= John McCraith =

British Conservative and Unionist politician

Sir John Tom McCraith (1847 – 5 December 1919) was a British Conservative and Unionist politician who served in a range of senior political positions on the Nottingham City Council.

== Life ==
John Tom McCraith was born in Leicester in 1847, the eldest son of William McCraith (d. 1884) of Southwick, Stewartry of Kirkcudbright, an official in the Midland Railway Company, and his wife, Sarah (d. 1897), daughter of James York, of Northamptonshire. His younger brother was Sir James William McCraith. At the age of four, he arrived at Nottingham and went on to carry out his education at Goodacre's School in the City before becoming a yarn merchant. During the Franco-Prussian War of 1870–71, McCraith was visiting Paris and was forced to build barricades when fighting broke out until British authorities negotiated for his release.

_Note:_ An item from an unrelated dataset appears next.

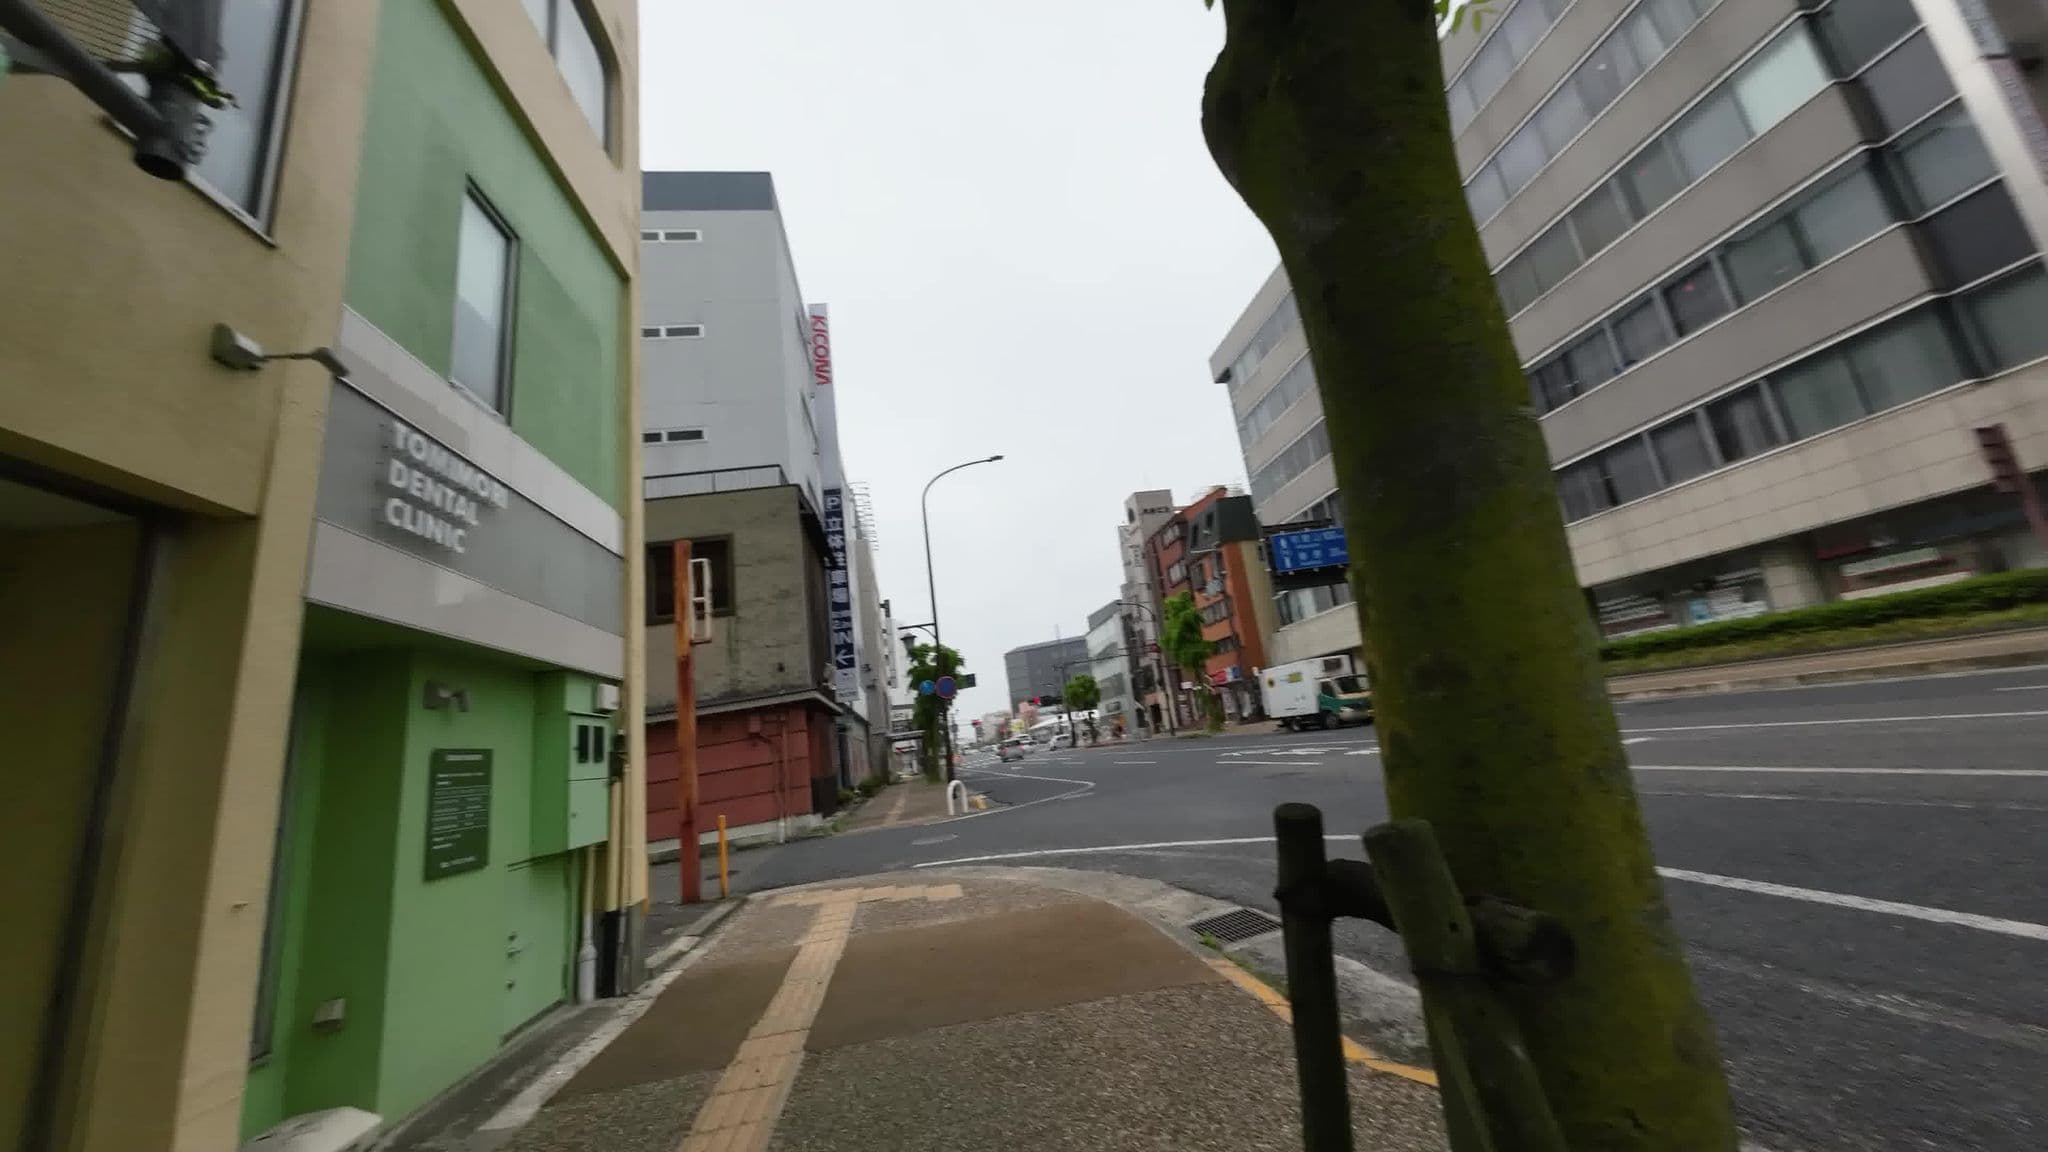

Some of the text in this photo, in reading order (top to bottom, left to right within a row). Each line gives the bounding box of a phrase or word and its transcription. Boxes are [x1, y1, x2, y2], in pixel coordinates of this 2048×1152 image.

[811, 315, 832, 385] KICONA
[386, 497, 466, 553] CLINIC
[388, 458, 479, 526] DENTAL

McCraith decided to retire from business to pursue a political career and, in 1882, was elected a member of the Nottingham City Council for St Mary's Ward, serving until he was elected an alderman in 1900. He was appointed a Justice of the Peace in 1889, and served as Chairman of the South Nottinghamshire Conservative Association, Vice-Chairman of the Nottinghamshire Territorial Force Association, Director of the Nottingham and Nottinghamshire Banking Company, of the Sandiacre and Stapleford Water Company, of the Nottingham and Derbyshire Electric Power Company and Birks' Manufacturing Company, and a Trustee of the Nottingham Savings Bank. He was also a Commissioner of Income Taxes. Although he declined to serve as Mayor on a number of occasions, he was knighted in 1904 for his political services.

By the time he died, unmarried, on 5 December 1919, McCraith was the longest-serving member of the Nottingham City Council.